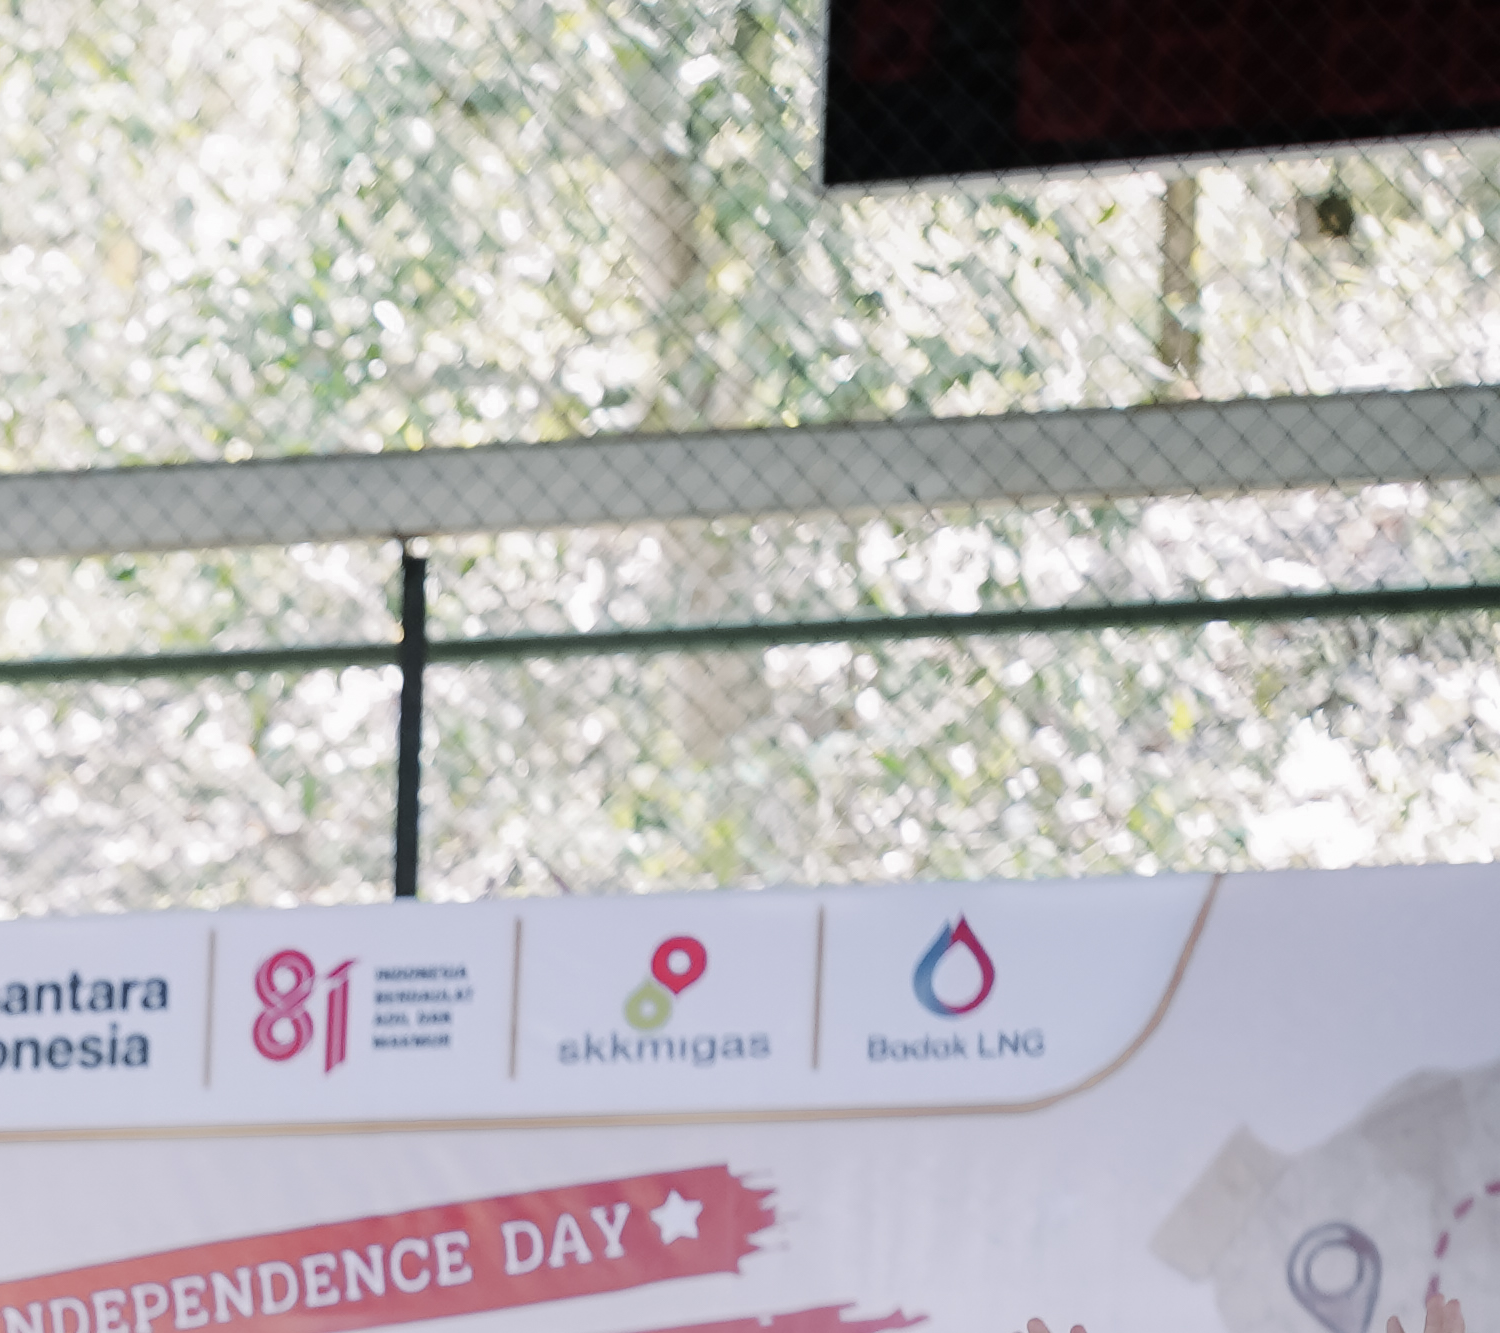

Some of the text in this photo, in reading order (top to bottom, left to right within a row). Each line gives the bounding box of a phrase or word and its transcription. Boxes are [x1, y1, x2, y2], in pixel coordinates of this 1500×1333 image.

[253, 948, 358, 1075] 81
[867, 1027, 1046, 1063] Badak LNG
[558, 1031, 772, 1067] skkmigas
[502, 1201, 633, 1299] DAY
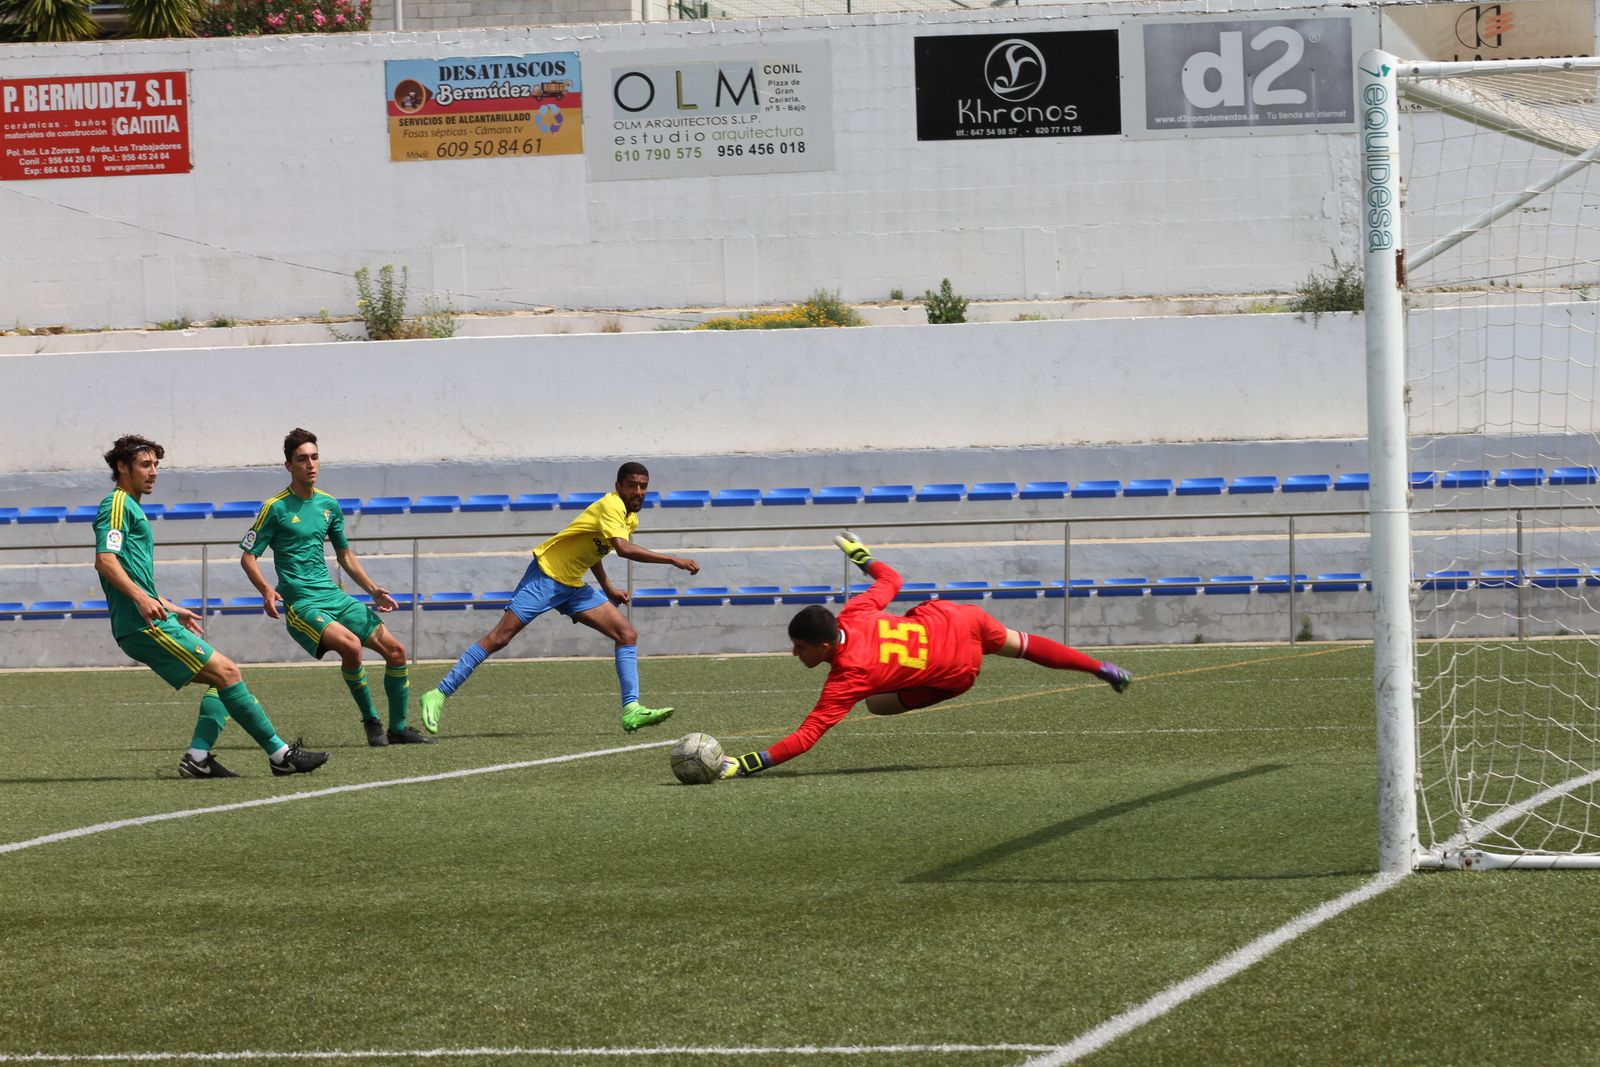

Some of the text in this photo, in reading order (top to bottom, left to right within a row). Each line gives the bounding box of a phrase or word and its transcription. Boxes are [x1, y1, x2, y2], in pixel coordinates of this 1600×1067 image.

========

## [Task goal]
Once the pictures are set aside, please reproduce the remaining material word for word.

## [Response below]
Some of the text in this photo, in reading order (top to bottom, left to right within a row). Each line gives the bounding box of a phrase or word and its transcription. Boxes are [x1, y1, x2, y2], in pixel coordinates of this 1500×1333 image.

[253, 948, 358, 1075] 81
[867, 1027, 1046, 1063] Badak LNG
[558, 1031, 772, 1067] skkmigas
[502, 1201, 633, 1299] DAY

Some of the text in this photo, in reading order (top to bottom, left to right within a row). Each line gives the bounding box of a phrase or word and its transcription. Boxes are [x1, y1, x2, y2], in pixel coordinates of this 1600×1067 image.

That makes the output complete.